Постепенно. Джим Розато мертв. И никак не избавиться от медного, пощипывающего язык привкуса во рту, словно вдохнул микрочастицы крови Джима в тот самый момент, когда выстрел из обреза снес напарнику полголовы. Тэллоу поначалу заблокировал мысли об этом, а теперь убрал защиту — и перед глазами раз за разом в высоком разрешении проигрывалась сцена смерти Джима.
Тэллоу подавился дымом.
— Я так и знала, что найду тебя здесь. Можно присесть?
Глаза мгновенно сфокусировались. У столика стояла лейтенант. С кружкой кофе в руке. Интересно, сколько он так сидел, а перед глазами крутился ролик со смертью Джима? Сидел и ничего вокруг не замечал.
— Можно, — кивнул он.
Интересная у нее была манера садиться и вставать: голова и плечи остаются неподвижными, а остальное тело аккуратно так, медленными точными движениями, складывается, прямо как бумага в фальцевальной машине. Во всяком случае, ткань безупречного черного костюма морщила ровно там, где надо. Лейтенант выставила вперед ноги в чуть расклешенных брюках.

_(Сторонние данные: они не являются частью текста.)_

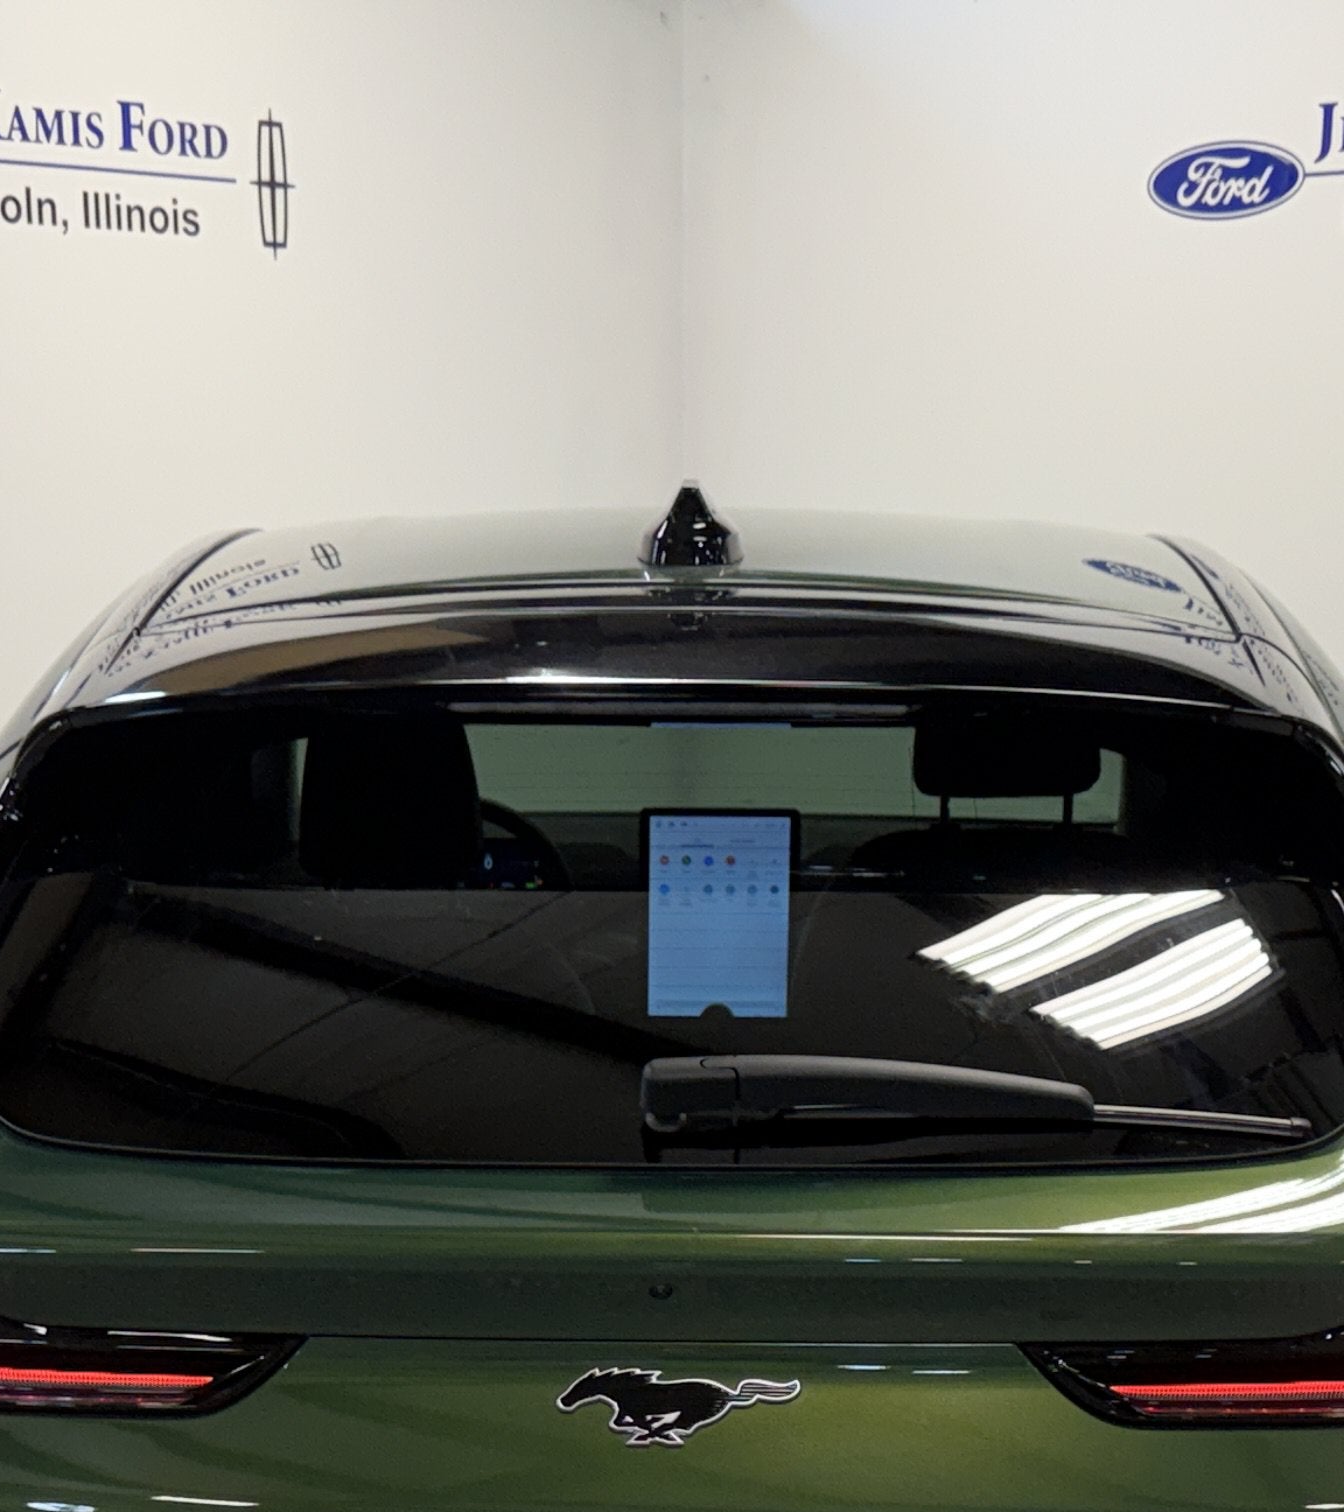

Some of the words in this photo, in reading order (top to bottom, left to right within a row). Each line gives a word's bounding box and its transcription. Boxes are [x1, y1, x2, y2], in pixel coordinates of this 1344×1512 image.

Отец ее был портным, и лейтенант получала сшитые по мерке сногсшибательные костюмы по себестоимости. Тэллоу давно усвоил: увидел на начальстве новый костюм — держись подальше. По семейной традиции, одаривание одеждами всегда сопровождалось нудными ламентациями: мол, как же так, дочка в «свиньи» подалась, да еще и выслужилась…
А теперь лейтенант сидела и смотрела на Тэллоу — взгляд острый, холодный. Эдакое «умное стекло», сканирующее тебя с механической точностью.

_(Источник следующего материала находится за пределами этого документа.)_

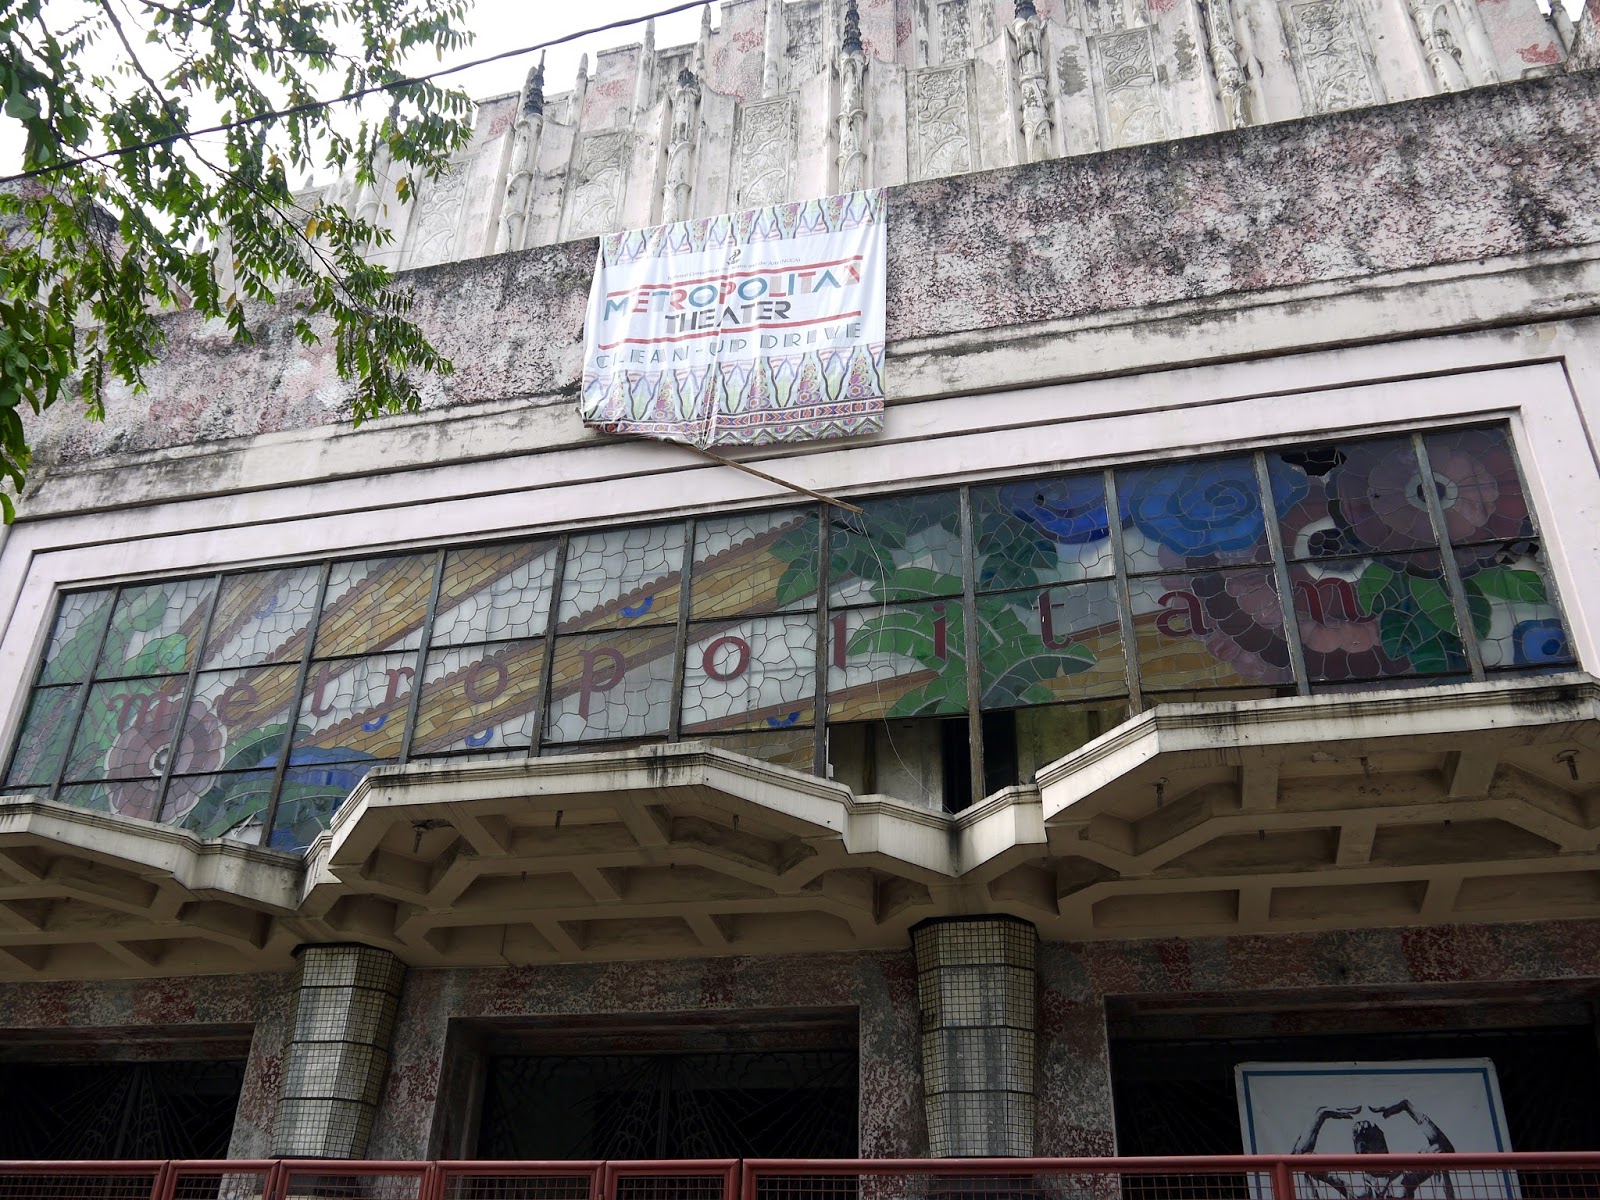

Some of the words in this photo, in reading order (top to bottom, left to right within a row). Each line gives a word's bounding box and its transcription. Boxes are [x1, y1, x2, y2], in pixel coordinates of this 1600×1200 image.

[604, 263, 860, 321] METROPOLITAN
[665, 301, 791, 334] THEATER
[596, 338, 747, 369] CLEAN-UP
[760, 322, 861, 349] DRIVE

— Я уже сообщила жене Джима, — сказала она, поддевая безупречно отполированным ноготком пластиковую крышку стакана с кофе.
— Я, когда рассказывал, кое-что… опустил, — проговорил Тэллоу. — Его колено подвело. Когда он прицеливался. Все из-за бега этого. И я подумал: зачем ей это знать.
— Будешь писать отчет — тоже можешь опустить, — ответила она и попыталась улыбнуться.
Сильная она женщина, крепкая. Лицо красивое, с резкими чертами. Волосы черные как смоль, стрижка короткая, практичная. А вот когда она улыбалась, из-под маски суровости словно девчонка высовывалась.